**EXERCISE REQUIREMENTS:** Give the data again exactly as written, skipping any pictures.

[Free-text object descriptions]
BEGIN
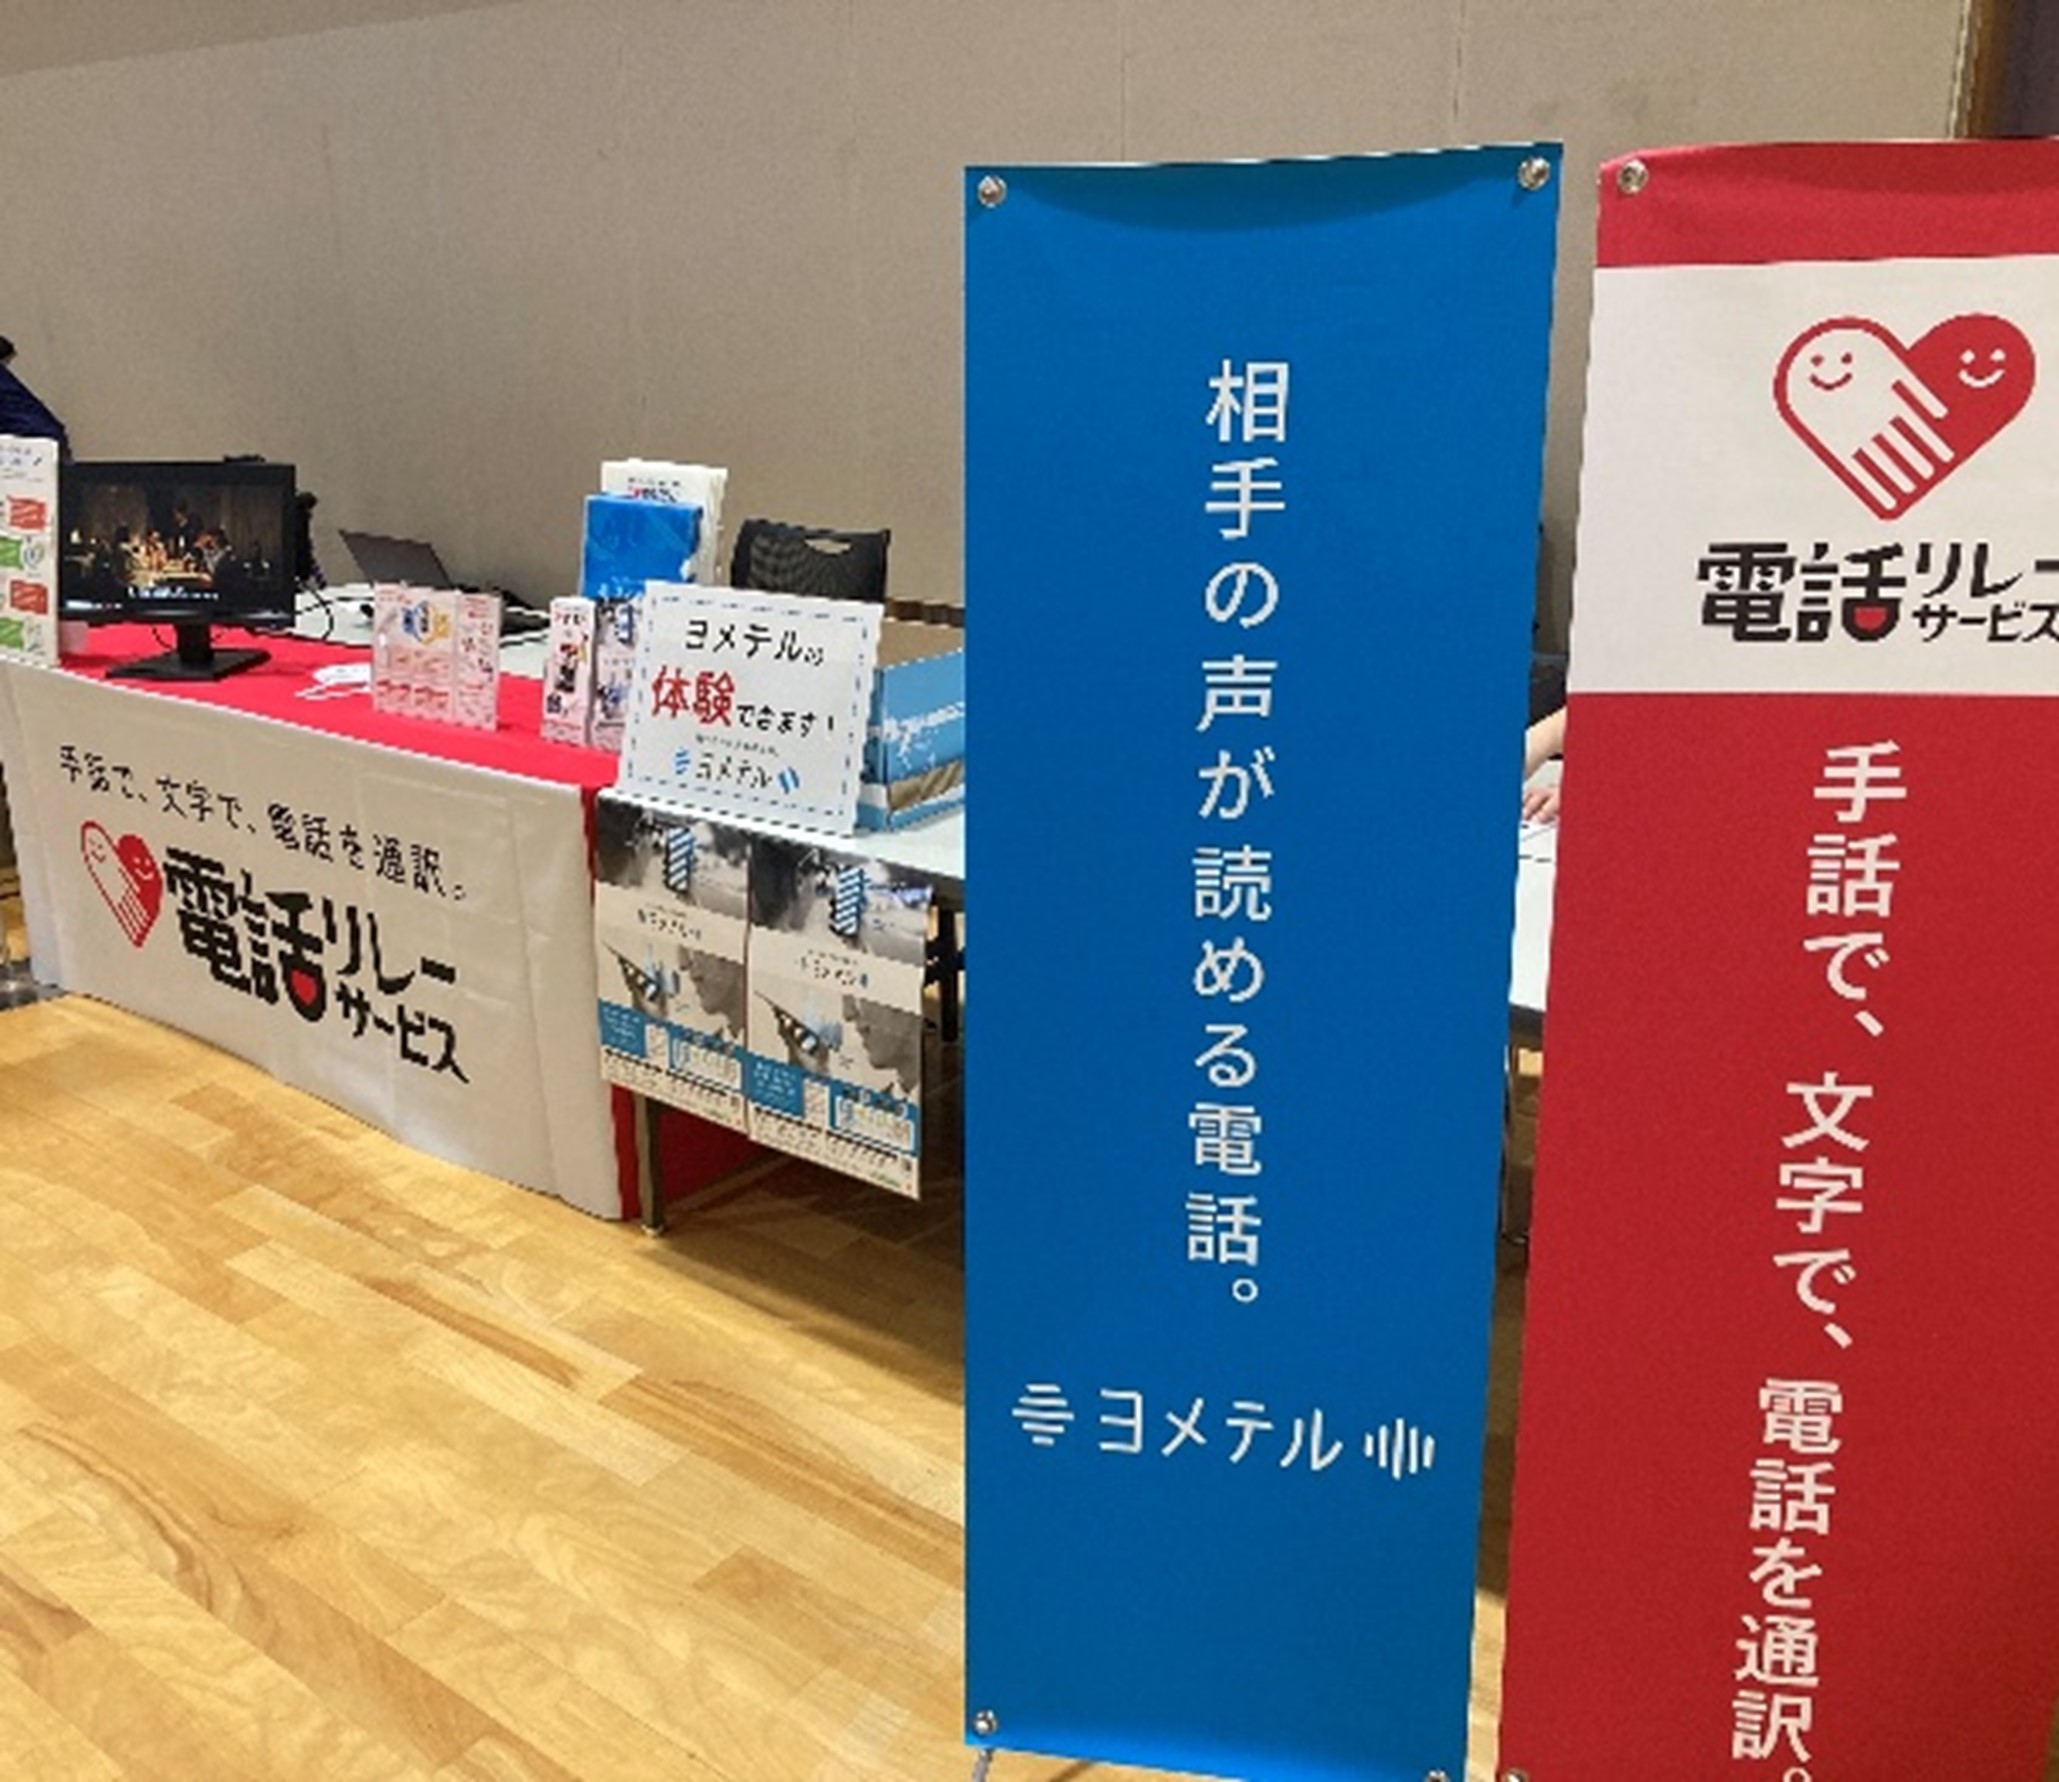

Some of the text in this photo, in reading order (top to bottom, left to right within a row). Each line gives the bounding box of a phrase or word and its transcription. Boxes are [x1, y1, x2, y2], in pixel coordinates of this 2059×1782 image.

[1911, 601, 2059, 643] サービス
[1185, 358, 1290, 1303] 相手の声が読める電話。
[335, 981, 470, 1085] サービス
[1098, 1387, 1344, 1472] ヨメテル
END
**RESPONSE:**
Some of the text in this photo, in reading order (top to bottom, left to right within a row). Each line gives the bounding box of a phrase or word and its transcription. Boxes are [x1, y1, x2, y2], in pixel coordinates of this 2059×1782 image.

[1911, 601, 2059, 643] サービス
[1185, 358, 1290, 1303] 相手の声が読める電話。
[335, 981, 470, 1085] サービス
[1098, 1387, 1344, 1472] ヨメテル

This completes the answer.